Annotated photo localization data
-=-=-
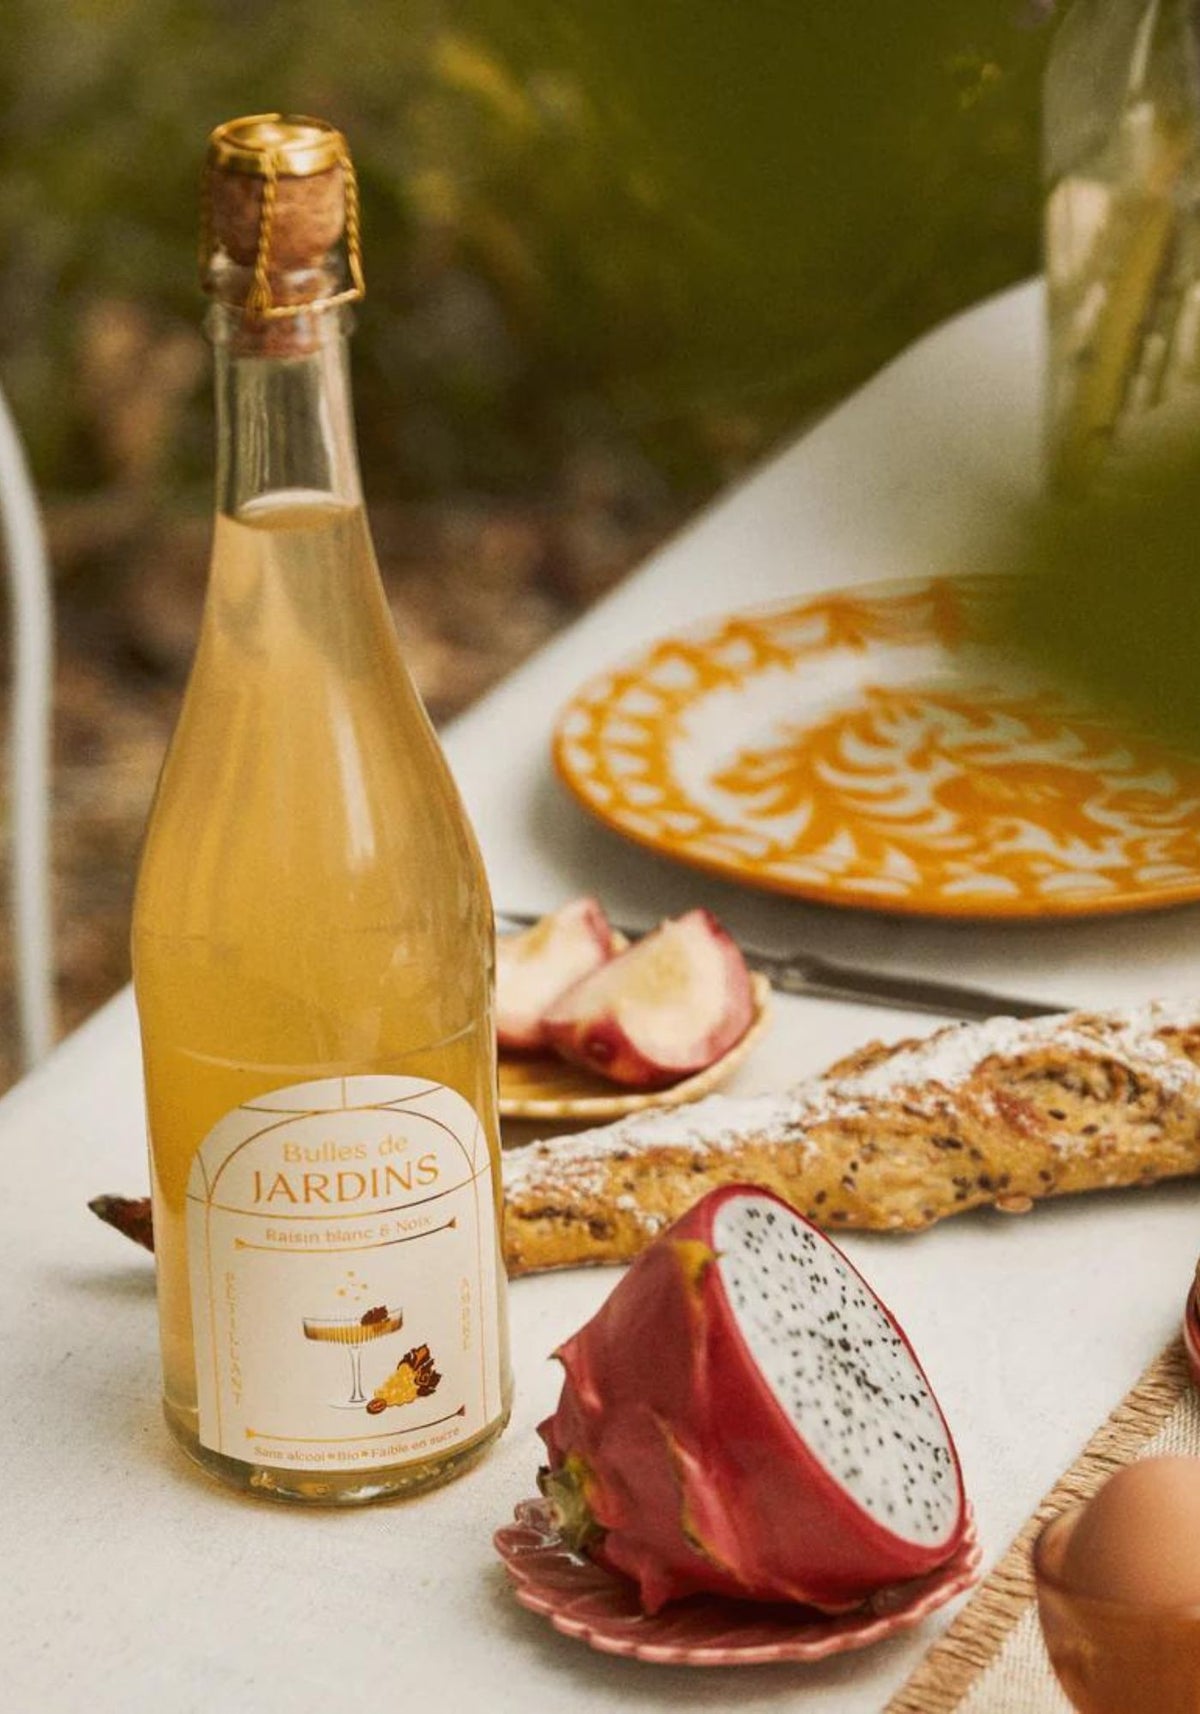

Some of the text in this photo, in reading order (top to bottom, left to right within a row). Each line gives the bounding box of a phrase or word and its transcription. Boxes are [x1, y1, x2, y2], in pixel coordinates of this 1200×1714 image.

[283, 1134, 408, 1163] Bulles de
[253, 1154, 440, 1204] JARDINS
[265, 1228, 320, 1244] Raisin
[326, 1228, 374, 1242] blanc
[396, 1214, 433, 1234] Noix
[254, 1445, 284, 1460] Sans
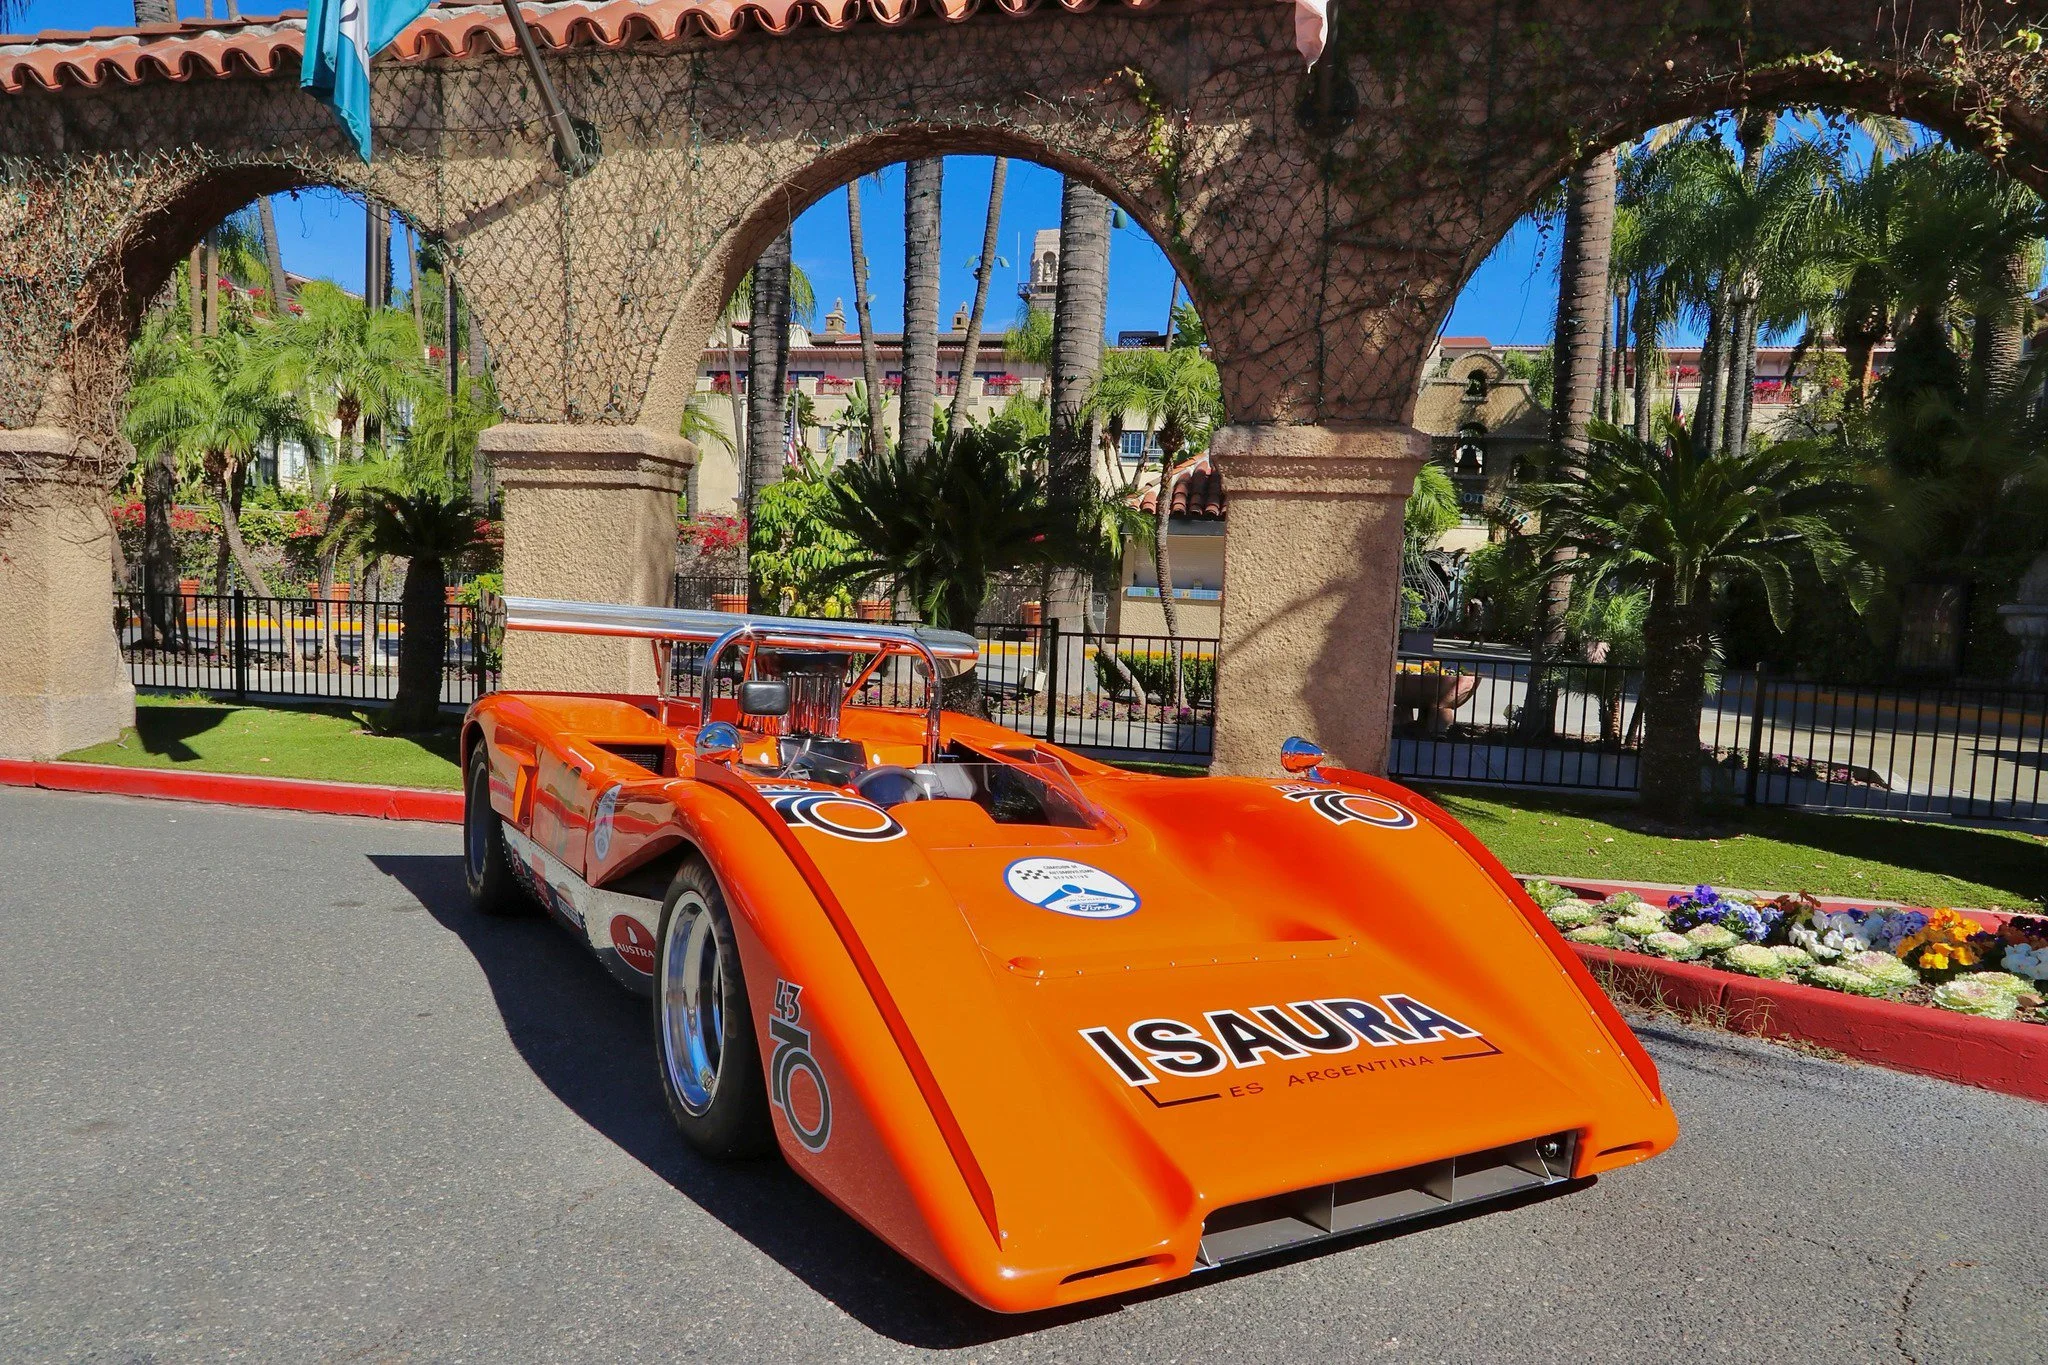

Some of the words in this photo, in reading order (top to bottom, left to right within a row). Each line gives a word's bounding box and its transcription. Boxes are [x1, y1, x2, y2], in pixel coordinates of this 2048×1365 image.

[1282, 789, 1418, 830] 70
[1079, 902, 1112, 912] Ford
[775, 978, 803, 1026] 43
[1078, 993, 1484, 1087] ISAURA
[769, 1014, 833, 1154] 70
[1229, 1082, 1264, 1098] ES
[1287, 1055, 1434, 1087] ARGENTINA
-=-=-
**Work required**.
Give back all the data exactly, minus pictures.

**Completed exercise**.
Some of the text in this photo, in reading order (top to bottom, left to right within a row). Each line gives the bounding box of a phrase or word and its transcription. Boxes are [x1, y1, x2, y2], in pixel coordinates of this 1200×1714 image.

[283, 1134, 408, 1163] Bulles de
[253, 1154, 440, 1204] JARDINS
[265, 1228, 320, 1244] Raisin
[326, 1228, 374, 1242] blanc
[396, 1214, 433, 1234] Noix
[254, 1445, 284, 1460] Sans

Some of the words in this photo, in reading order (top to bottom, left to right within a row). Each line gives a word's bounding box and its transcription. Boxes are [x1, y1, x2, y2], in pixel coordinates of this 2048×1365 image.

[1282, 789, 1418, 830] 70
[1079, 902, 1112, 912] Ford
[775, 978, 803, 1026] 43
[1078, 993, 1484, 1087] ISAURA
[769, 1014, 833, 1154] 70
[1229, 1082, 1264, 1098] ES
[1287, 1055, 1434, 1087] ARGENTINA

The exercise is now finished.